Es werden bei mir aber Datensätze nur in der jeweiliger Tabelle abgelegt!

DANKE im Voraus


----------



## Joose (13. Feb 2015)

Nein hier hast du einen Denkfehler! Es wird nur das angelegt was du anlegen willst.
Wenn du allerdings in der "Hauptabelle" eine Datensatz anlegen willst geht das nur wenn die entsprechenden Datensätze in der "Untertabelle" vorhanden sind. 
Die "Untertabellen" kannst du aber mit soviel Daten füttern wie du willst.

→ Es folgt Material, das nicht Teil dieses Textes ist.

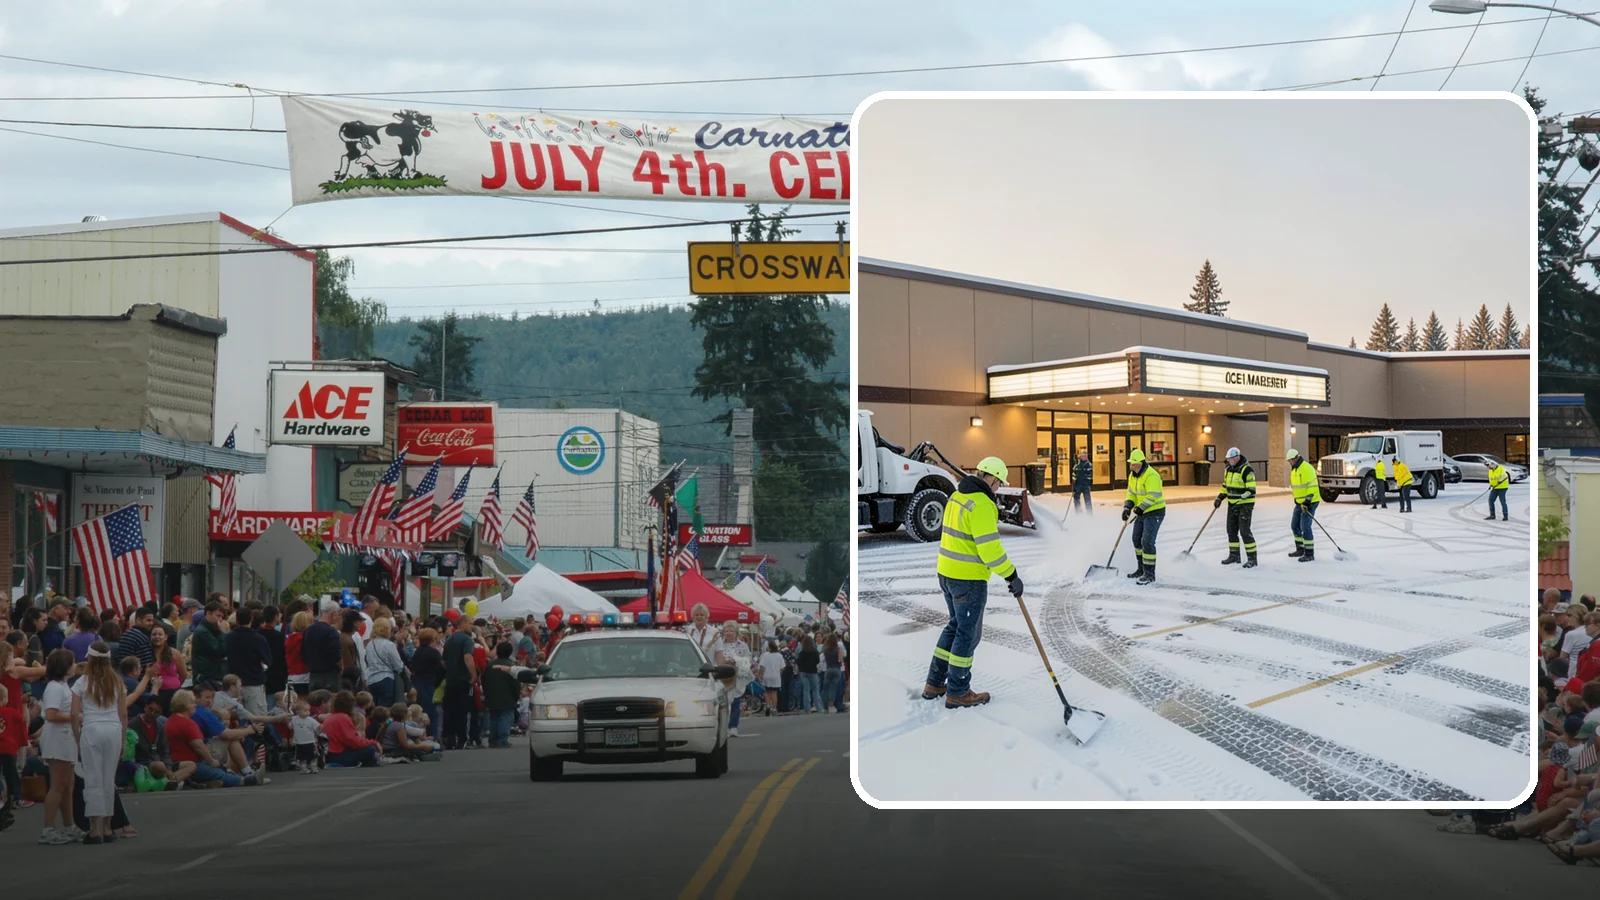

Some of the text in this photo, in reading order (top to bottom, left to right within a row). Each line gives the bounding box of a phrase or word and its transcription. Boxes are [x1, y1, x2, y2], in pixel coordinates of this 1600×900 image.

[481, 141, 605, 193] JULY
[632, 150, 746, 198] 4th.
[697, 254, 850, 280] CROSSWA
[283, 380, 373, 420] ACE
[406, 409, 485, 421] CEDAR LOG
[283, 421, 371, 436] Hardware
[416, 428, 476, 447] Coca-Cola
[96, 485, 124, 495] Vincent
[126, 486, 136, 495] de
[138, 486, 155, 495] Paul
[688, 526, 741, 535] CRNATION
[699, 535, 730, 543] GLASS

SQLite unterstützt Fremdschlüssel sehr wohl, bitte bei sowas am Besten auch immer einen Link bzw. eine Anmerkung posten woher diese Annahmen kommen.


----------



## vikil (13. Feb 2015)

Hallo Joose,
danke erstmal für die schnelle Antwort.
Stehe irgendwie auf dem Schaluch!
Wenn ich die Datensätze in die Untertabelle abgelegt habe, wie kommen die Daten (Fremdschlüssel) in die Haupttabelle.
Damit ich weiss welche datensätze von unterschiedlichen Tabellen zusammen gehören?


----------



## Joose (13. Feb 2015)

Bitte nimm Abstand von der Bezeichnung Haupttabelle bzw. Unter-/Nebentabelle.
Es sind alles einfach Tabellen und da gibt es keine Hierarchie.

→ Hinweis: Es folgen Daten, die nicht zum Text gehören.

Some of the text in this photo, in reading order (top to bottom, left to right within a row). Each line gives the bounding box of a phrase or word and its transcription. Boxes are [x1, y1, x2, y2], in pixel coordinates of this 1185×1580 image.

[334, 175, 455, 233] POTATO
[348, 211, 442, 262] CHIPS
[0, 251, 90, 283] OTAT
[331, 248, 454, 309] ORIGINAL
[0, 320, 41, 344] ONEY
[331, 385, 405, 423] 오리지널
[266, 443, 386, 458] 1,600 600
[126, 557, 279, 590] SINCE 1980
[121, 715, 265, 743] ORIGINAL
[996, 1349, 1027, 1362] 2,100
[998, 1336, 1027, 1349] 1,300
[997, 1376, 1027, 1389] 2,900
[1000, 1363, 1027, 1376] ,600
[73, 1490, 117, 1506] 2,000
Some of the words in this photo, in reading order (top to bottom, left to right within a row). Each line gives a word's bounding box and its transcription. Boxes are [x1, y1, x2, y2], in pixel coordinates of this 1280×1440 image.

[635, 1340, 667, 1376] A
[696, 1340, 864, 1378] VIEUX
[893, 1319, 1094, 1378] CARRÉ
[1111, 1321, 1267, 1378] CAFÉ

Du musst selber die Datensätze in die 2.Tabelle eintragen mit allen benötigten Fremdschlüsseln.
Die Datenbank kann sich ja nicht ausdenken welche weiteren Werte sie einträgt.

Beispiel: 
Es gibt 2 Tabellen.
Tabelle B speichert Adressen (ID, Straßenname, Hausnummer, Stock, PLZ, Ort, Land, ...)
Tabelle A speichert Personendaten (ID, Alter, Name, Geschlecht, Email, ...) und hat eine Spalte mit Fremdschlüsselbeziehung zur Tabelle B (Spalte ID)

Nur weil du jetzt in Tabelle B einen neuen Datensatz anlegst, kannst du nicht erwarten das die Datenbank in Tabelle A einen Datensatz angelegt dafür.
Woher soll die Datenbank wissen welche Person unter der von dir eingetragenen Adresse wohnt?

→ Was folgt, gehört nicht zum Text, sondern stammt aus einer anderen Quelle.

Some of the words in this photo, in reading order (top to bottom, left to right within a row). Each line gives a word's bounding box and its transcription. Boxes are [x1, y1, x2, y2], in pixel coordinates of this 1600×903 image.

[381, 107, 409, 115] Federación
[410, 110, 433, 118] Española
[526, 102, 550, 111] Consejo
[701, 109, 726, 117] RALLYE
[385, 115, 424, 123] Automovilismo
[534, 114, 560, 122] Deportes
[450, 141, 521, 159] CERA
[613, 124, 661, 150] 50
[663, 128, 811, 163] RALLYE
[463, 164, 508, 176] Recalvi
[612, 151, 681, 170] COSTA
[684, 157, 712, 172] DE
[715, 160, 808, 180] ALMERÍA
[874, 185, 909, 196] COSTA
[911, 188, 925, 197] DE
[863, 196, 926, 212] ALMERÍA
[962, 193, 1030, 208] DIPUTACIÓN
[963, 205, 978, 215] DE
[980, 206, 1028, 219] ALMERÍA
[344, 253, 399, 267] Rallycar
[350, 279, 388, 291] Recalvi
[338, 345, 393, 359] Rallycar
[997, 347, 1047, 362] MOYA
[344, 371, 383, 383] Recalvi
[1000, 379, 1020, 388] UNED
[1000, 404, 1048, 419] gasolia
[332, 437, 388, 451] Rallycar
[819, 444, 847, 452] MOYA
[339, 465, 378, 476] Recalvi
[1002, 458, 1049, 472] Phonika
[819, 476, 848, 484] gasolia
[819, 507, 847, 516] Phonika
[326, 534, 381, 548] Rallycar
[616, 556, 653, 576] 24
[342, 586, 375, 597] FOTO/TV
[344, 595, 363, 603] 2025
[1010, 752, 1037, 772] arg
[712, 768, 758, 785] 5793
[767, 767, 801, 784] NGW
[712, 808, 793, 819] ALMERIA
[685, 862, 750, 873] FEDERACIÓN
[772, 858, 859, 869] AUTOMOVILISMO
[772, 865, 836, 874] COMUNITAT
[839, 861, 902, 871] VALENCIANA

Du musst dann natürlich einen Datensatz in Tabelle A eintragen mit den entsprechenden Daten.


----------



## vikil (13. Feb 2015)

Um auf dein Beispiel zurückzukommen

1->Ja ich muss in Tabelle A und B Datensätze Eintragen. Das habe ich auch so verstanden

2-> Paralell dazu lege ich Tabelle C  Verwalten(ID_TabA, ID_Tab_B )an. Dadurch habe ich die Verbindung zu den Datensätzen zwischen beiden Tabellen A und B.
Frage ist nur wie kommt ID_TabA, ID_Tab_B in Tabelle C rein.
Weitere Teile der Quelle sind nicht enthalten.